▶ [What you have to do]: Quote the records that follow in full and exactly; leave out the pictures.

Annotated photo localization data:
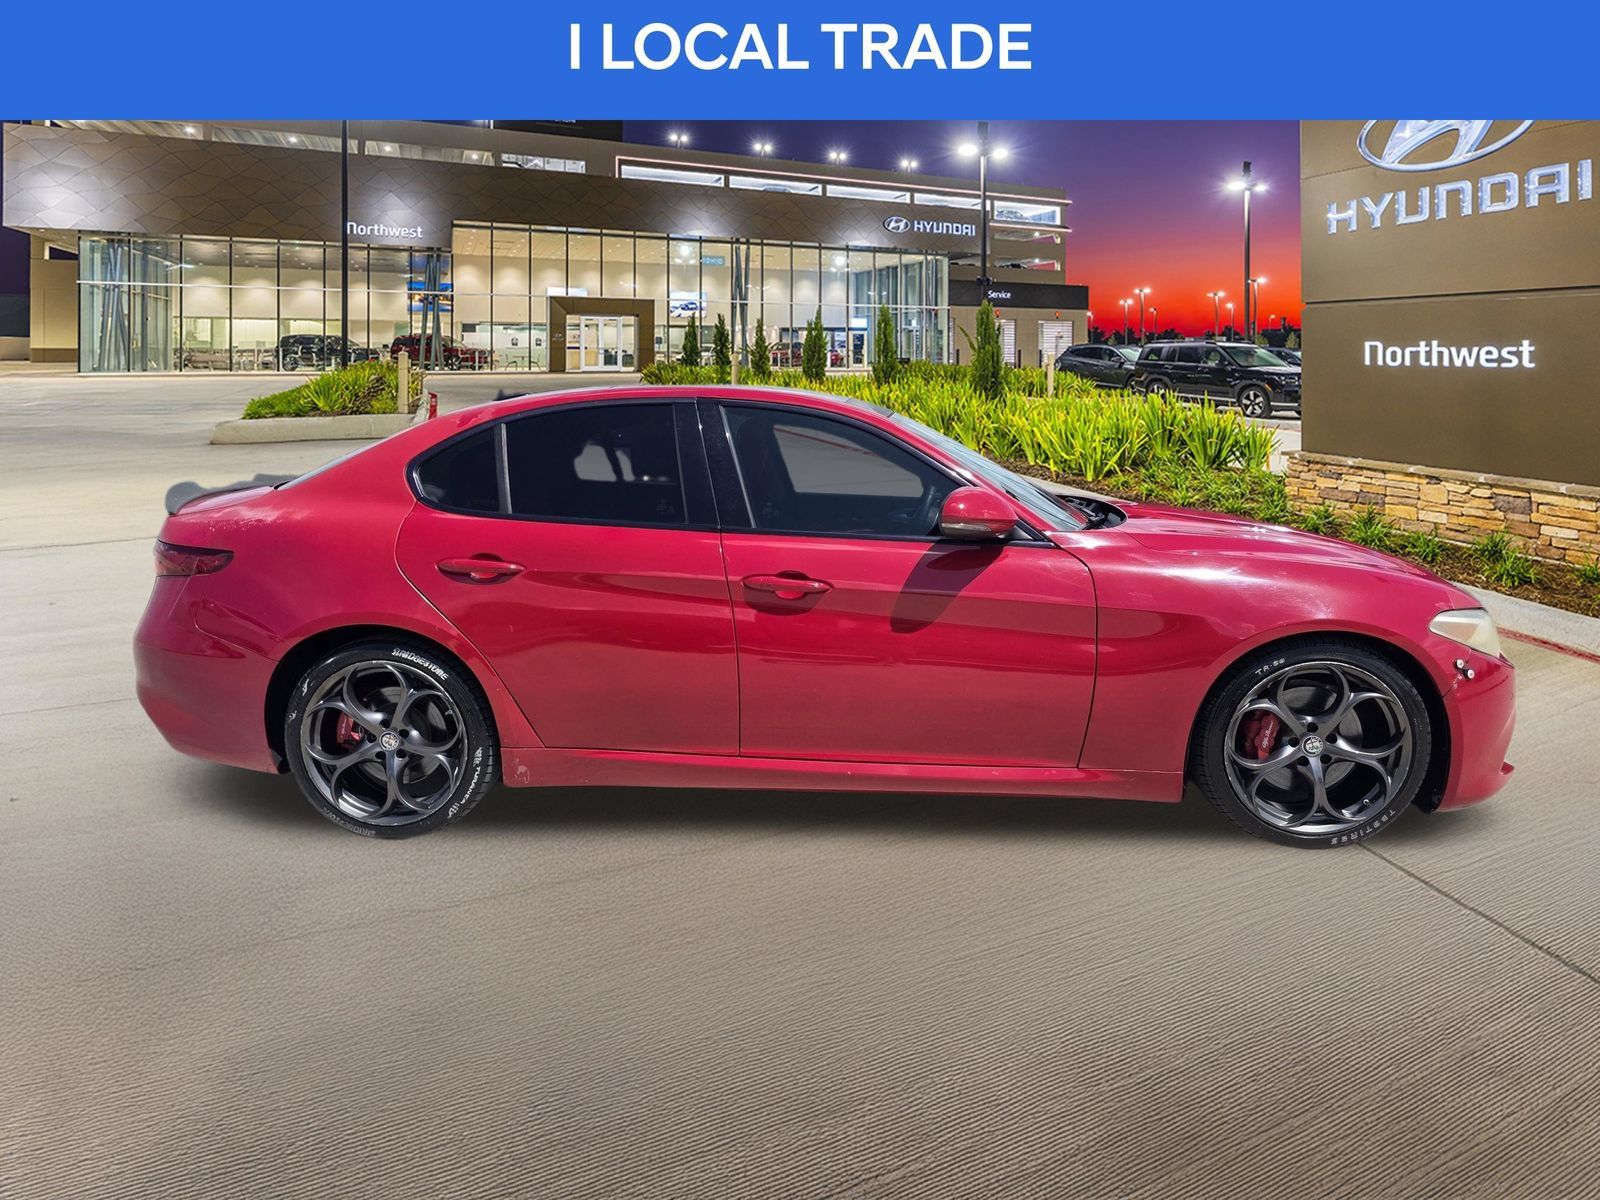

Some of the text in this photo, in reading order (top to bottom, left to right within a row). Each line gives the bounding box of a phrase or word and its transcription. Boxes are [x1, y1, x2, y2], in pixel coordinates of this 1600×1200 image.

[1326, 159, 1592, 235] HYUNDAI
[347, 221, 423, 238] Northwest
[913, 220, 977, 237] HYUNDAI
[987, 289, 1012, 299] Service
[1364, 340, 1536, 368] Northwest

▶ [Exercise result]:
Some of the text in this photo, in reading order (top to bottom, left to right within a row). Each line gives the bounding box of a phrase or word and its transcription. Boxes are [x1, y1, x2, y2], in pixel coordinates of this 1600×1200 image.

[1326, 159, 1592, 235] HYUNDAI
[347, 221, 423, 238] Northwest
[913, 220, 977, 237] HYUNDAI
[987, 289, 1012, 299] Service
[1364, 340, 1536, 368] Northwest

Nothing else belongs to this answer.